Le choix entre les deux dépend souvent de l’épaisseur disponible. Un M48 doublé occupe deux fois l’épaisseur d’un M48 simple. Si vous êtes limité en place, un M70 simple sera plus économe en espace pour une hauteur similaire.
Doubler les montants pour un plafond autoportant : quelles portées possibles?
Sur un plafond autoportant, le doublage des montants change radicalement les portées accessibles. Avec un M48 simple, la portée maximale tombe à 2,00 mètres – ce qui couvre beaucoup de petites pièces, mais pas un séjour ou une cuisine ouverte.

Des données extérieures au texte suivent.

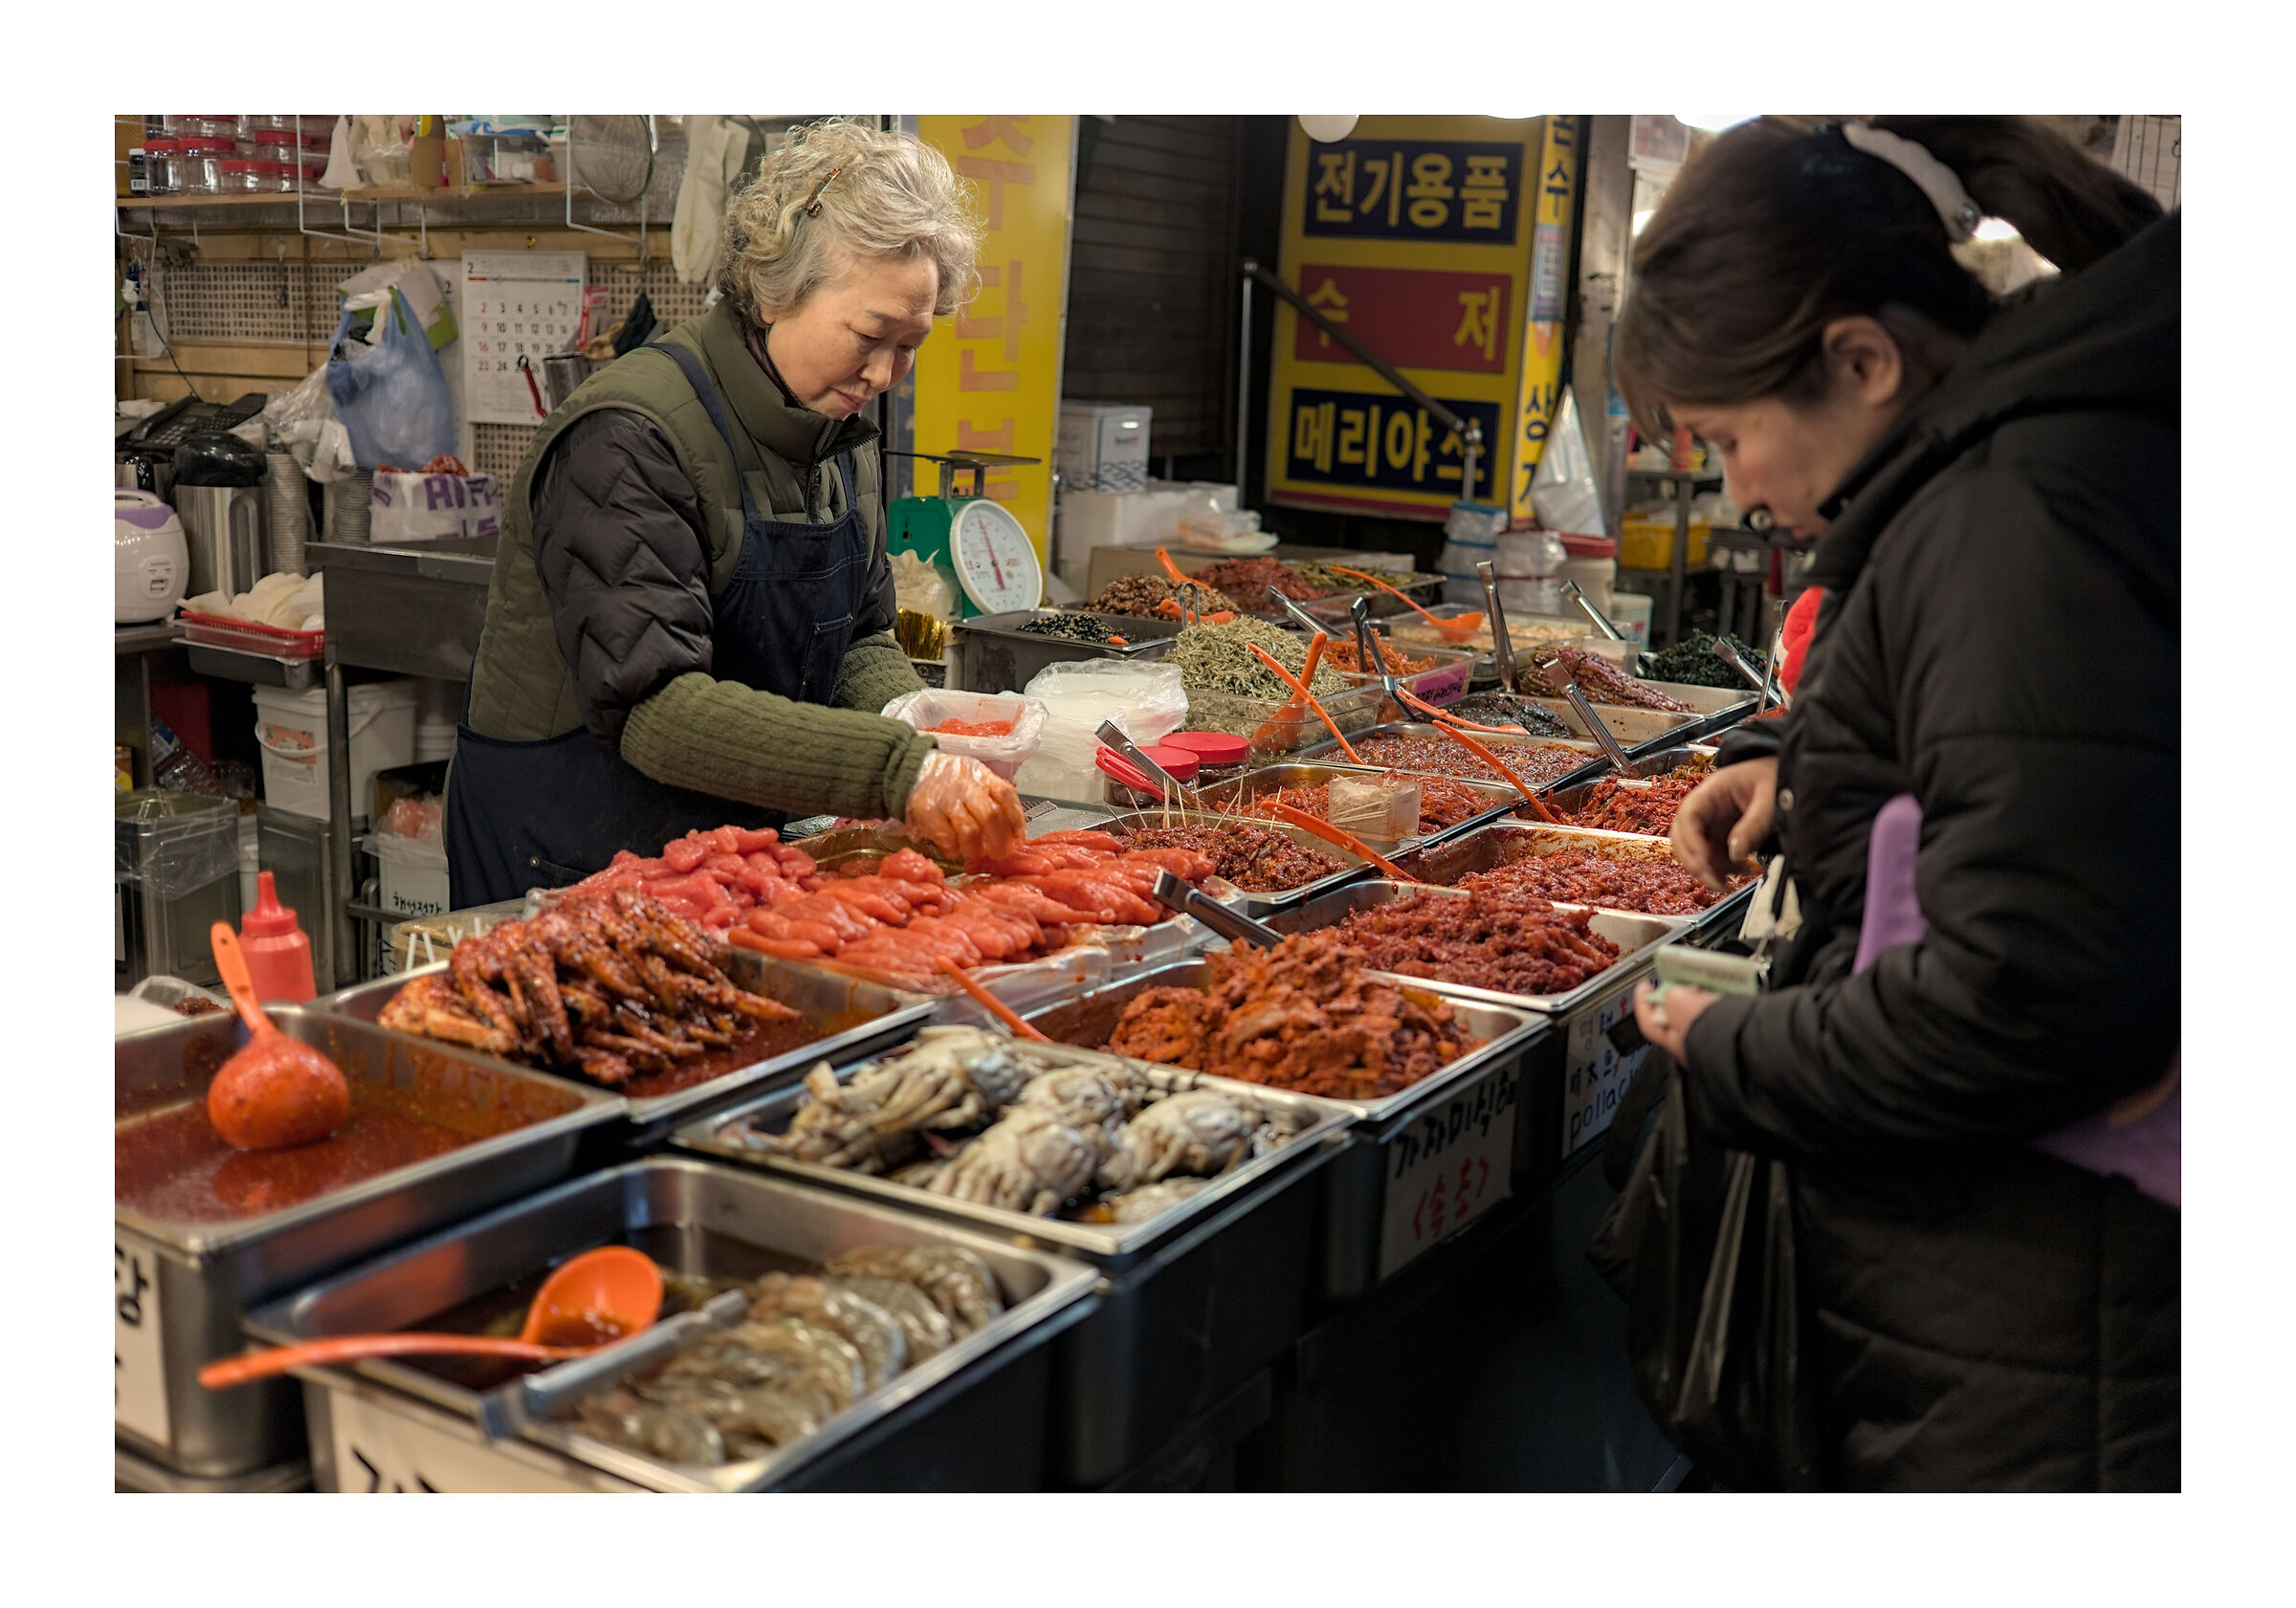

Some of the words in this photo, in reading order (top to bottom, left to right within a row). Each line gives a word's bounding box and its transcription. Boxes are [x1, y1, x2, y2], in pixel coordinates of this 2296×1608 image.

[1314, 151, 1511, 231] 전기용품
[467, 261, 475, 274] 2
[497, 321, 507, 333] 10
[515, 322, 522, 333] 11
[531, 322, 540, 334] 12
[478, 341, 489, 353] 16
[497, 341, 507, 353] 17
[478, 360, 489, 372] 23
[497, 360, 507, 372] 24
[1294, 402, 1487, 481] 메리야스

Dès que vous accolez deux montants dos à dos, les portées progressent significativement :
- M70 accolés : portée maximale de 3,25 m
- M90 accolés : portée maximale de 3,80 m
- M100 accolés : portée maximale de 4,40 m
La limite globale à retenir pour un plafond autoportant est de 3,90 m. Au-delà, la structure ne peut plus se suffire à elle-même et nécessite une accroche à la structure porteuse.
La charge entre aussi dans le calcul. Une plaque BA13 pèse environ 9 kg/m². Sur une pièce de 15 m², le plafond porte déjà 135 kg de plâtre, auxquels s’ajoutent les éventuels doublages, isolants ou luminaires encastrés. Le choix du montant doublé doit tenir compte de la charge totale, pas seulement de la portée linéaire.
Pourquoi doubler les montants améliore la solidité de l’ossature
La réponse tient en un mot : inertie. Quand vous accolez deux montants dos à dos, leur section combinée forme un profil en « H ». Cette géométrie augmente considérablement la résistance à la flexion de l’ensemble.
Pour comprendre l’ampleur du gain, pensez à une règle plate en plastique : posée à plat, elle fléchit sous le doigt. Retournée sur la tranche, elle devient rigide. C’est exactement le même principe mécanique. L’inertie d’un profilé en H est sans commune mesure avec celle de deux montants pris séparément.
Sur une cloison de 3 mètres de hauteur, un montant M48 simple va se déformer sous les charges horizontales – le poids d’un équipement fixé au mur, une poussée latérale, la vibration d’une porte. Le montant doublé résiste à ces efforts sans fléchir. C’est la différence entre une cloison qui vibre quand on tape dessus et une qui sonne plein.
Ce gain de rigidité a aussi un impact sur la durabilité des joints. Une ossature qui bouge finit par fissurer les bandes et les enduits. Doubler les montants aux points de contrainte, c’est aussi protéger la finition sur le long terme.
Règles de pose à respecter lors du doublage
Doubler des montants ne se fait pas à l’intuition. Voici les points techniques à respecter pour que le résultat soit conforme :
- Positionnement dos à dos : les deux montants sont accolés, ailes contre ailes, pour former le profil en H.
- Vissage dans les deux montants : chaque plaque doit être fixée sur les deux montants du couple, pas sur un seul. Un vissage partiel annule le bénéfice du doublage.
- Décalage des joints : les joints de plaques ne doivent pas se retrouver en face à face sur les deux parements. Décalez-les d’au moins une travée.
- Épaisseur d’acier minimale de 0,6 mm : c’est la valeur minimale imposée par le DTU. En dessous, le montant se déforme à la pose et perd ses caractéristiques mécaniques.
- Fixation intermédiaire au-delà de 2,70 m : à cette hauteur, les fabricants recommandent d’ajouter une fixation intermédiaire au mur pour stabiliser l’ossature, même doublée.
Un détail souvent négligé : la qualité de la lisse haute et basse conditionne autant la tenue de l’ossature que les montants eux-mêmes. Une lisse mal fixée ou posée sur un sol irrégulier compromet tout le travail réalisé au-dessus.
L’ossature métallique d’une cloison bien construite, c’est comme une colonne vertébrale : on ne la voit pas, mais c’est elle qui porte tout le reste. Doublez là où c’est nécessaire, pas partout – et vous éviterez à la fois les malfaçons et le gaspillage de matériau.